Feijóo is waiting to gather more information from his experts to make a first public statement but, for now, he does miss that in the face of a matter “so serious, of such importance and extremely serious from a humanitarian point of view” no one from the Government has called him to agree on the measure, say sources close to him. And they remember how the similar proposal of November 2014 was forged.
The then Foreign Minister, the popular José Manuel García Margallo, negotiated on that occasion the text of the resolution with his PSOE predecessor, Trinidad Jiménez, and in the debate in Congress there were, above all, words of consensus. Margallo expressed the Government's “hope that the historic session” would serve to “unblock a negotiation process that has been stuck for many years.” And he pledged that Spain, as a non-permanent member of the UN Security Council, would promote “a dialogue for peace, security and the development of a region that has been suffering for a long time.” Trinidad Jiménez highlighted: “The recognition of the Palestinian State is the best resolution to promote peace, through a resolution that does not go with anyone or against anyone.”
The non-legal (non-binding) proposal finally approved urged the Government to “recognize [a] Palestine as a State, subject of International Law, reaffirming the conviction that the only possible solution to the conflict is the coexistence of two States, Israel and Palestine.” And he added: “This recognition must be a consequence of a negotiation process between the parties that guarantees peace and security for both, respect for the rights of citizens and regional stability.”

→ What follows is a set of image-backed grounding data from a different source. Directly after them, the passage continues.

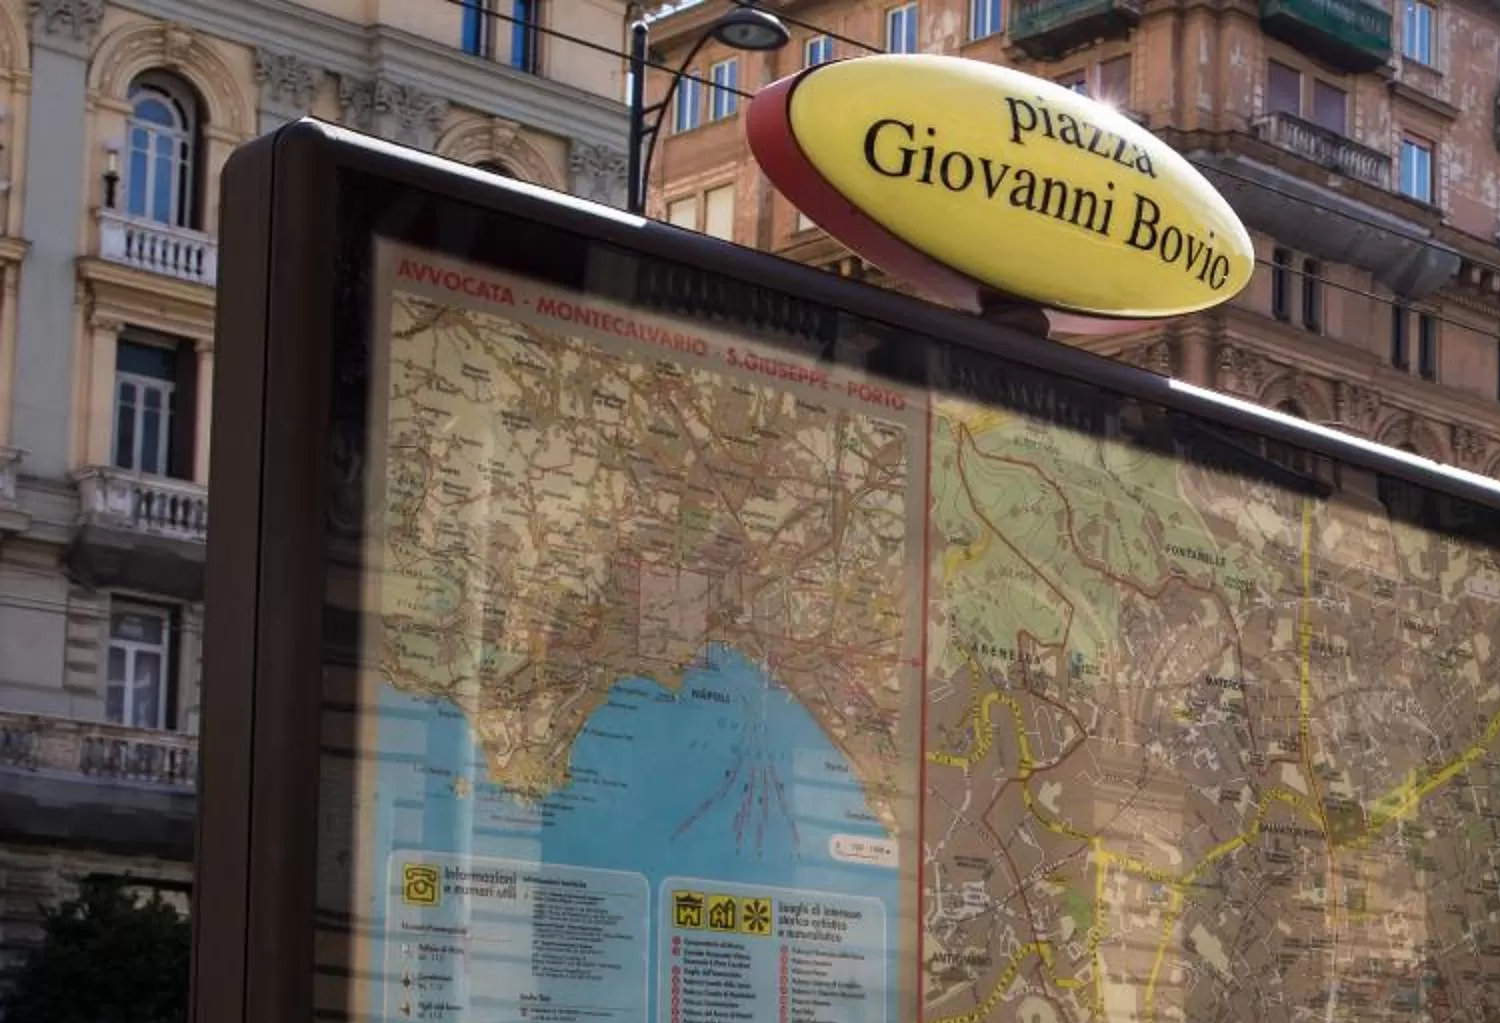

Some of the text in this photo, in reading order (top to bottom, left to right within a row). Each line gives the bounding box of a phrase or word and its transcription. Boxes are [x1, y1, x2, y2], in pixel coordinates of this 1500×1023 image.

[863, 118, 1231, 292] Giovanni Bovio
[1004, 96, 1157, 179] piazza
[396, 258, 516, 307] AVVOCATA
[535, 296, 709, 357] MONTECALVARIO
[848, 380, 907, 411] PORTO
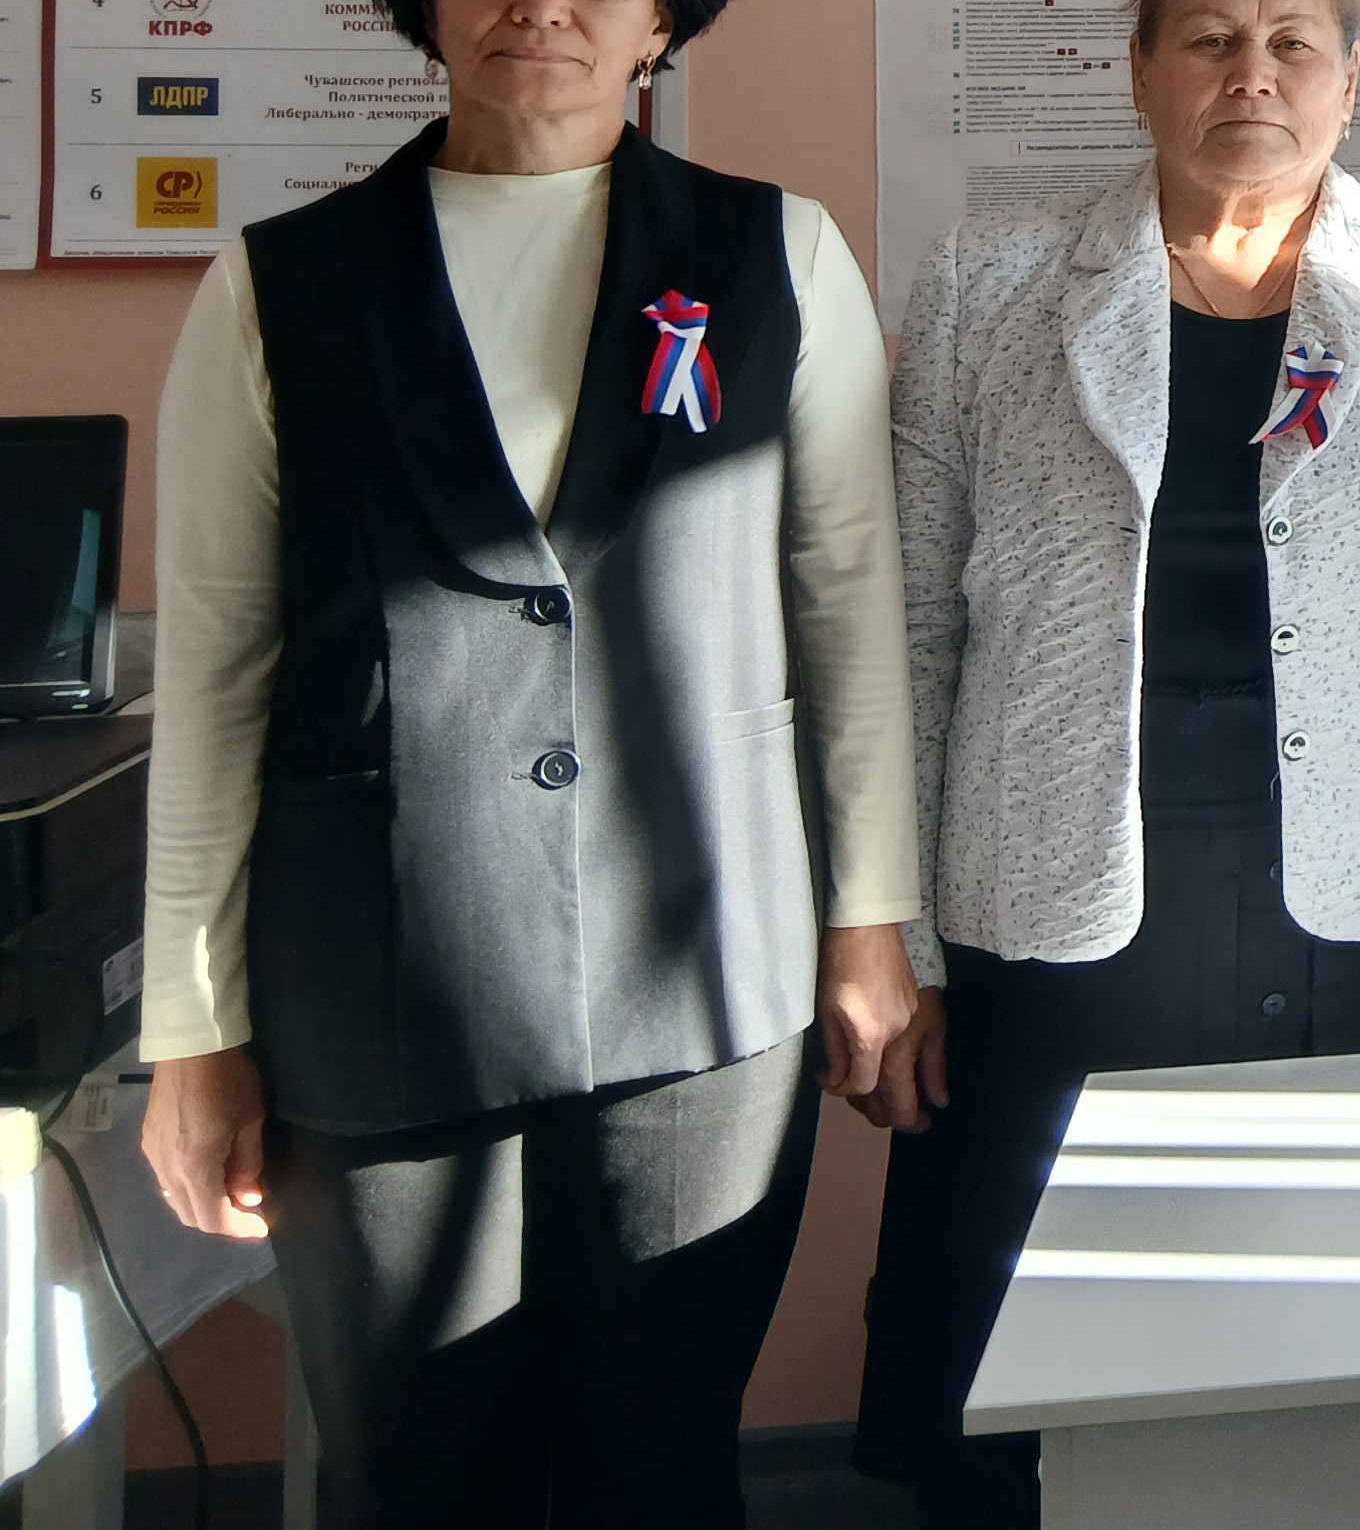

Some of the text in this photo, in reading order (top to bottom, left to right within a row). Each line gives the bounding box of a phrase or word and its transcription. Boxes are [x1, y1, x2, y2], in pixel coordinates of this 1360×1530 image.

The then President Rajoy's team also remembers how the reception and official lunch was set up at the Royal Palace, in November 2017 and with the presence of the Kings, for the Palestinian president, Mahmud Abbas. It was in the columned hall, the same place where the Middle East Peace Conference had been inaugurated 26 years earlier. And it was there that Abbas expressed, in the midst of the Catalan independence crisis, his “firm stance in support of the unity of the people and territory of Spain.”
In the current Congress, if a vote on the matter were promoted, the PSOE would have a large majority of votes for its initiative to prosper, although predictably without the unanimity of then. This same week, spokespersons for Sumar, Podemos, Compromís and other groups even maintained that the Government was late with this proposal and that it could be being braver. The representative of Podemos, Javier Sánchez Serna, reproached Sánchez for taking so long and for not daring to take the Israeli prime minister to the International Criminal Court “for genocide.”